* _Data to use_
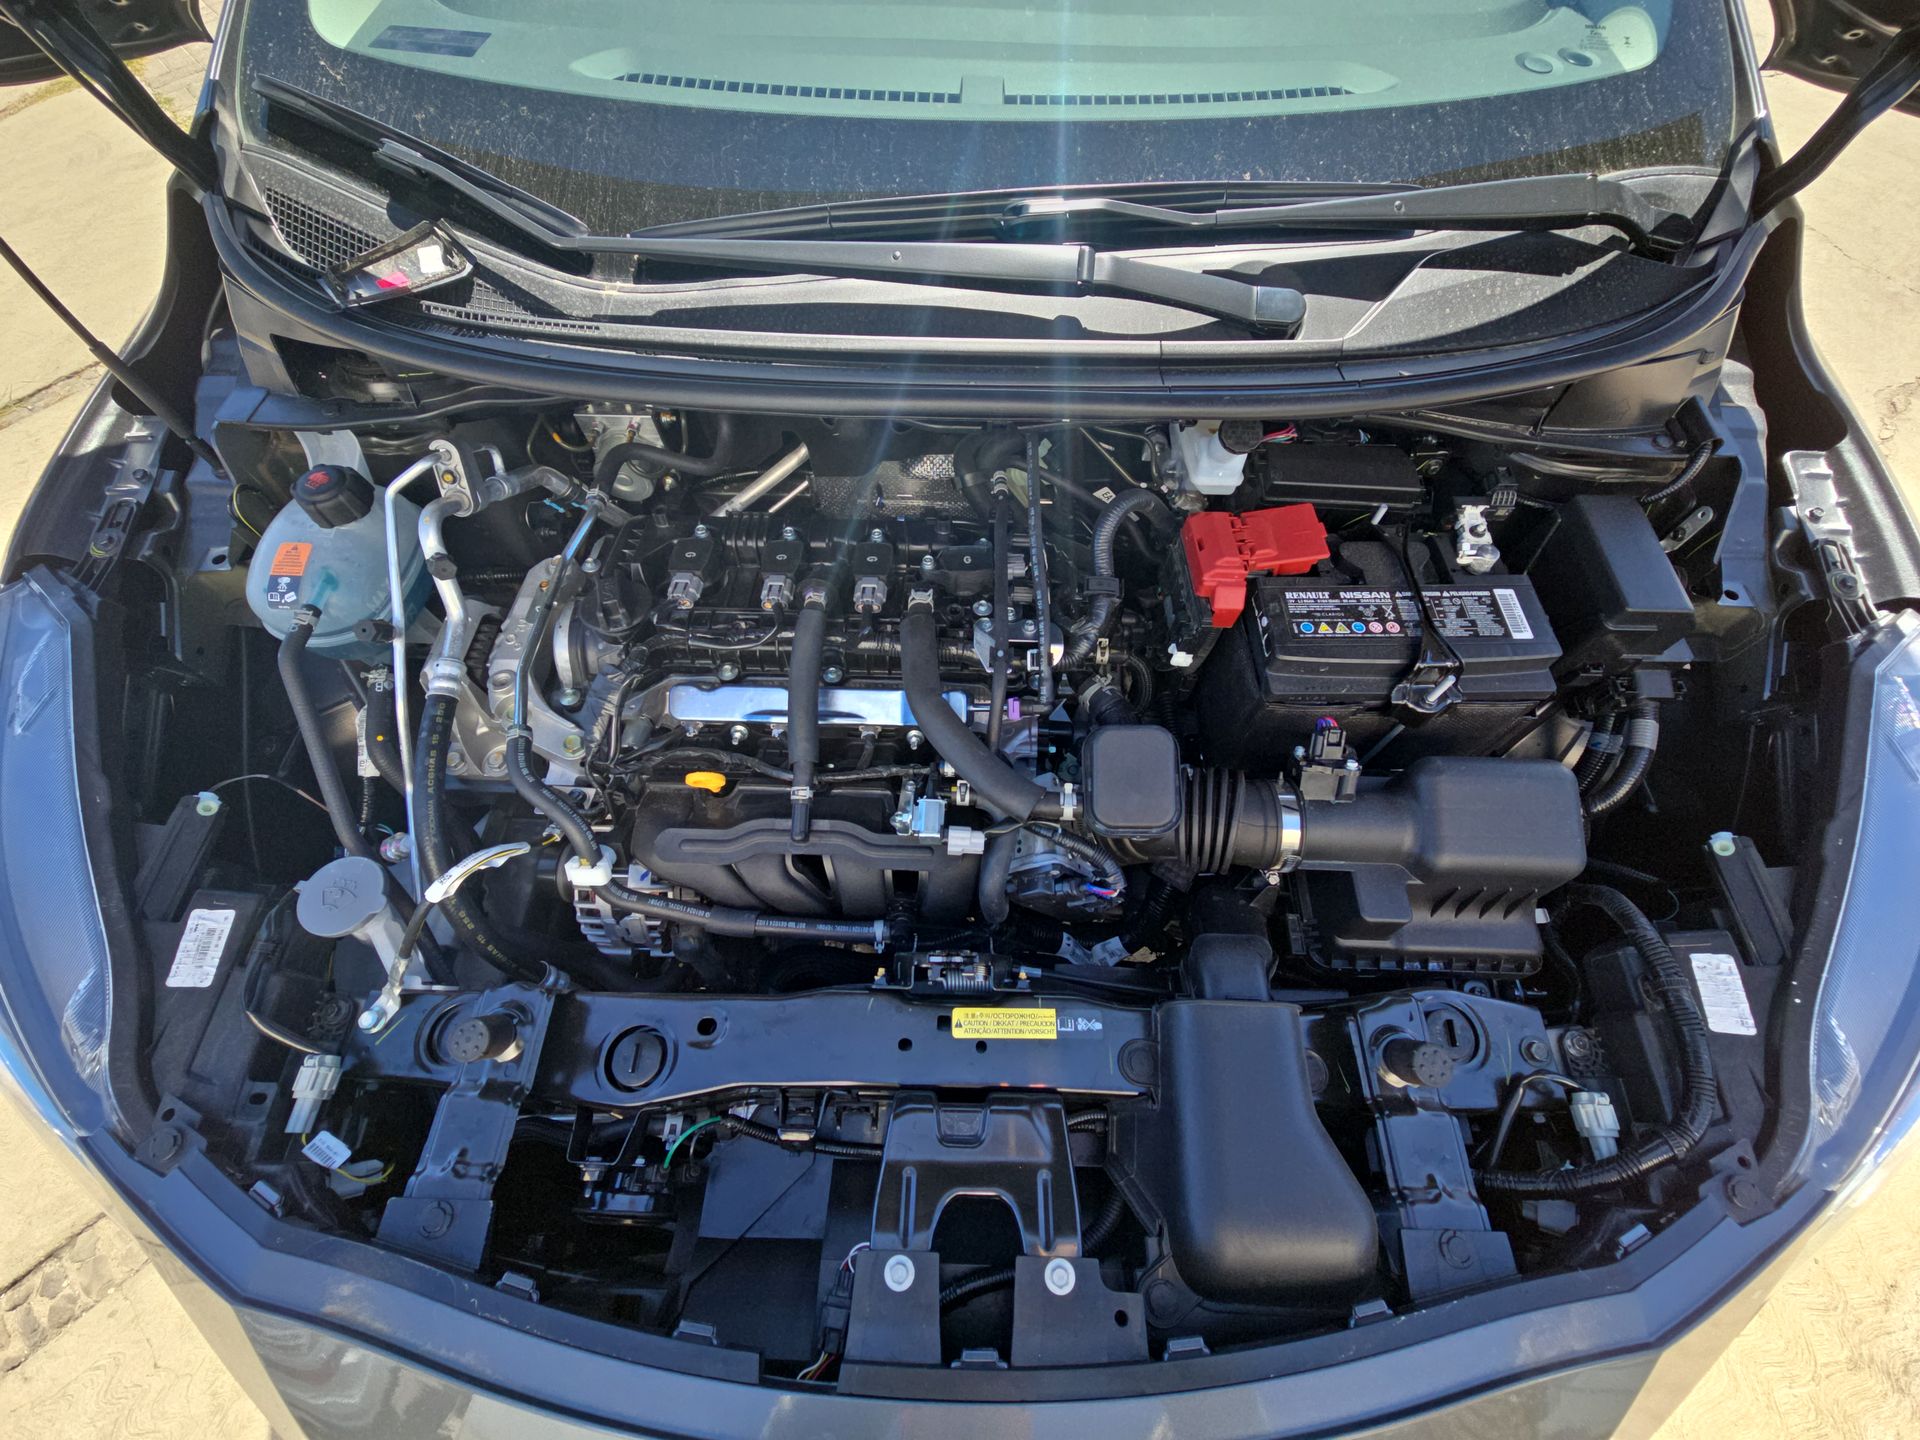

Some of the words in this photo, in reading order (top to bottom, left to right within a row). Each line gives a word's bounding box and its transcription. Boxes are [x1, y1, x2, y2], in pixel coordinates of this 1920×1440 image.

[963, 555, 972, 564] G
[1284, 591, 1330, 599] RENAULT
[1339, 591, 1391, 599] NISSAN
[431, 733, 440, 745] 15
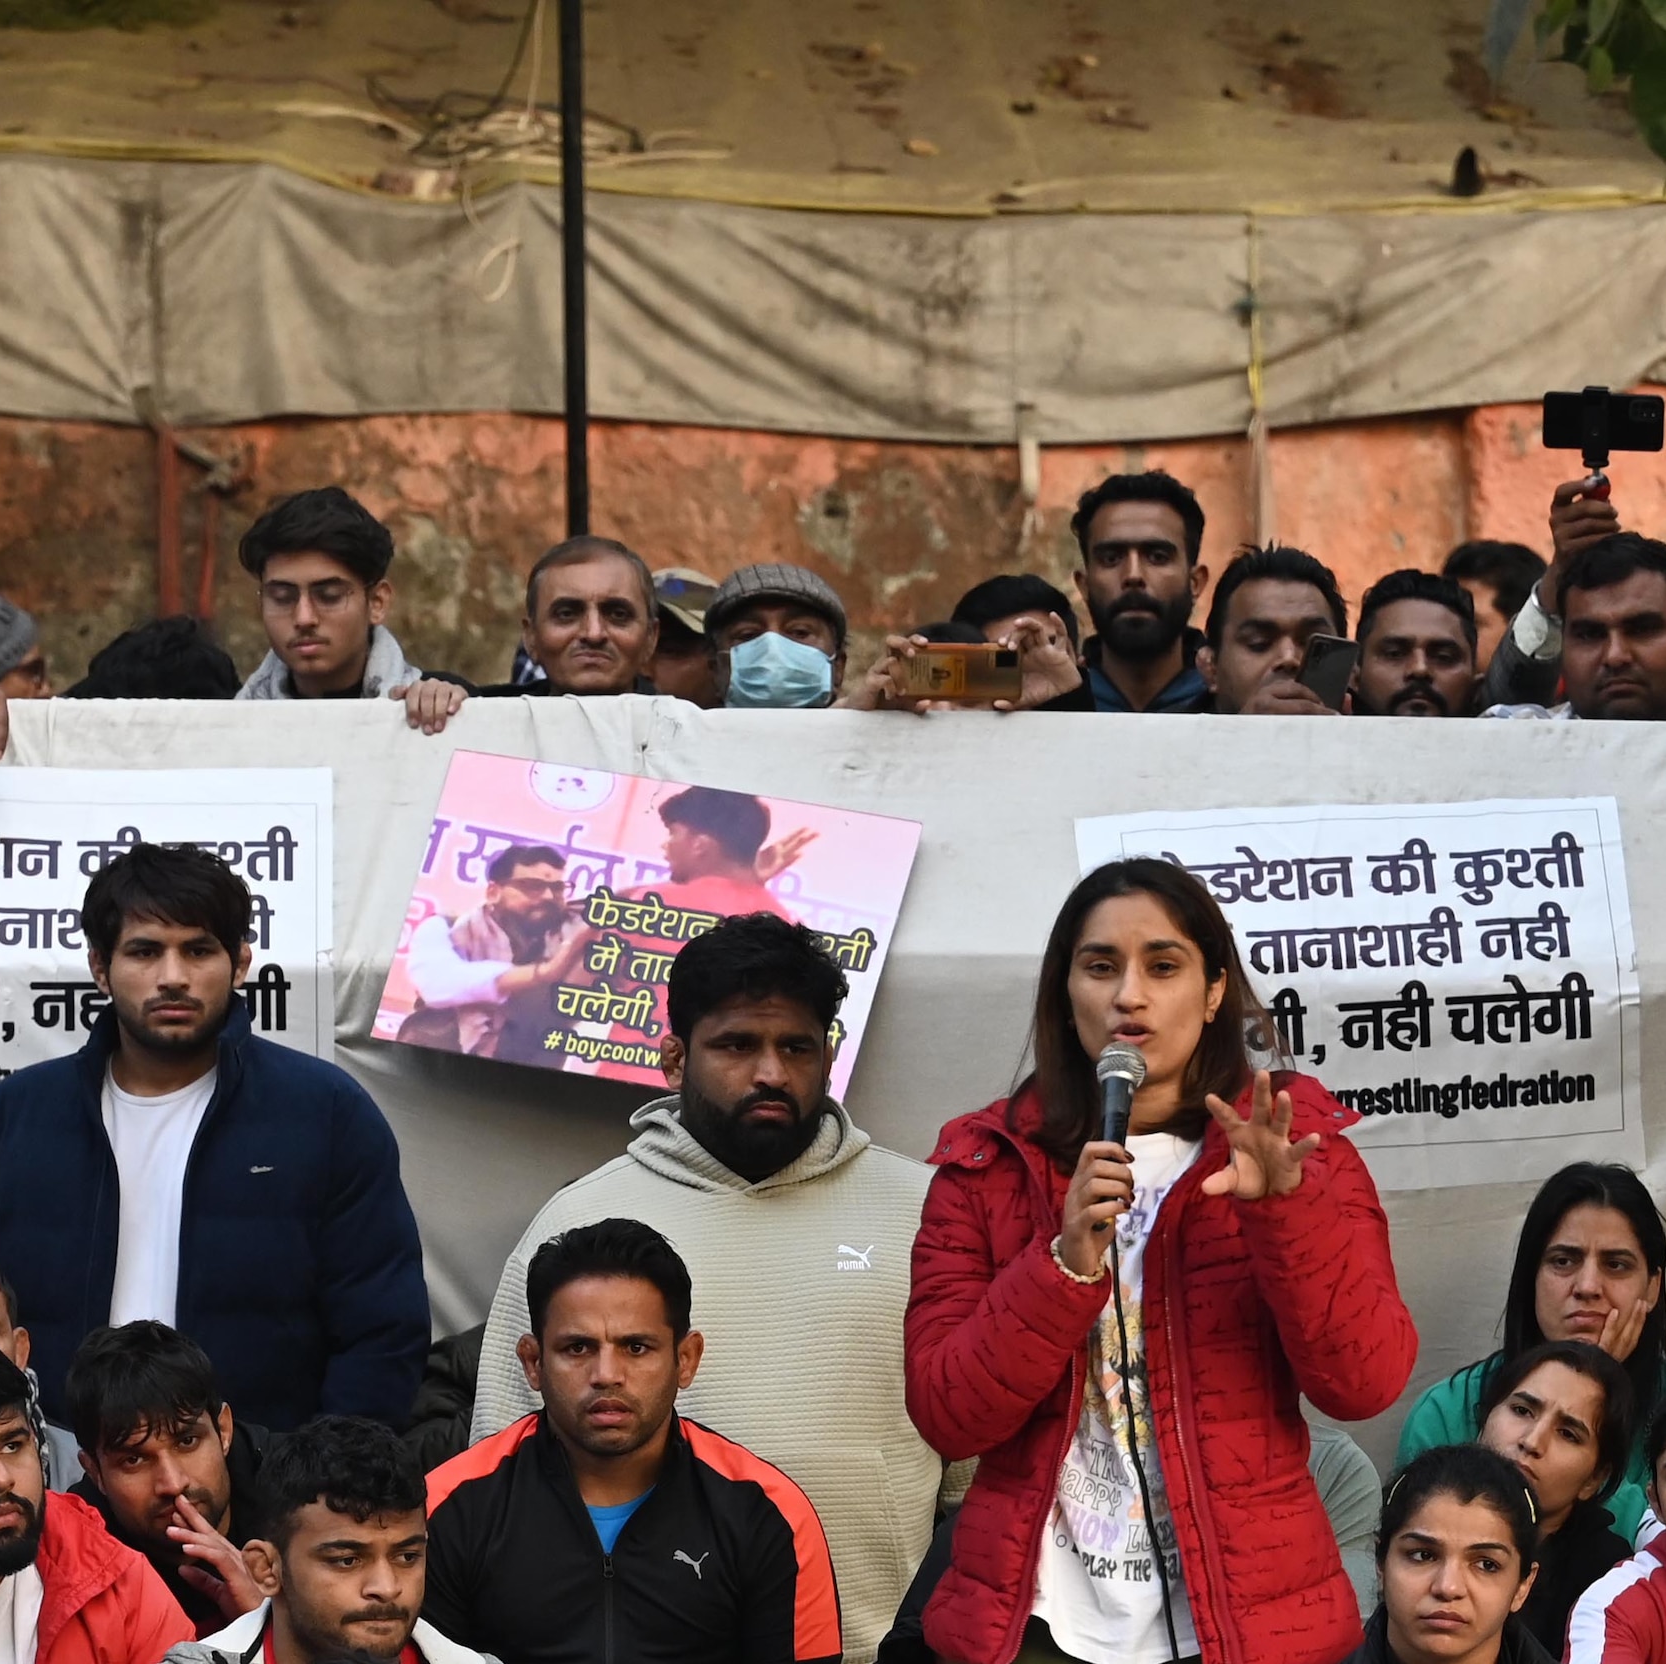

* _Required action_
Although the records contain pictures, the copy should consist of their text alone, reproduced exactly.

* _Answer to the exercise_
Some of the words in this photo, in reading order (top to bottom, left to right within a row). Each line gives a word's bounding box and its transcription. Boxes are [x1, y1, x2, y2], in pixel coordinates of this 1920×1440 image.

[963, 555, 972, 564] G
[1284, 591, 1330, 599] RENAULT
[1339, 591, 1391, 599] NISSAN
[431, 733, 440, 745] 15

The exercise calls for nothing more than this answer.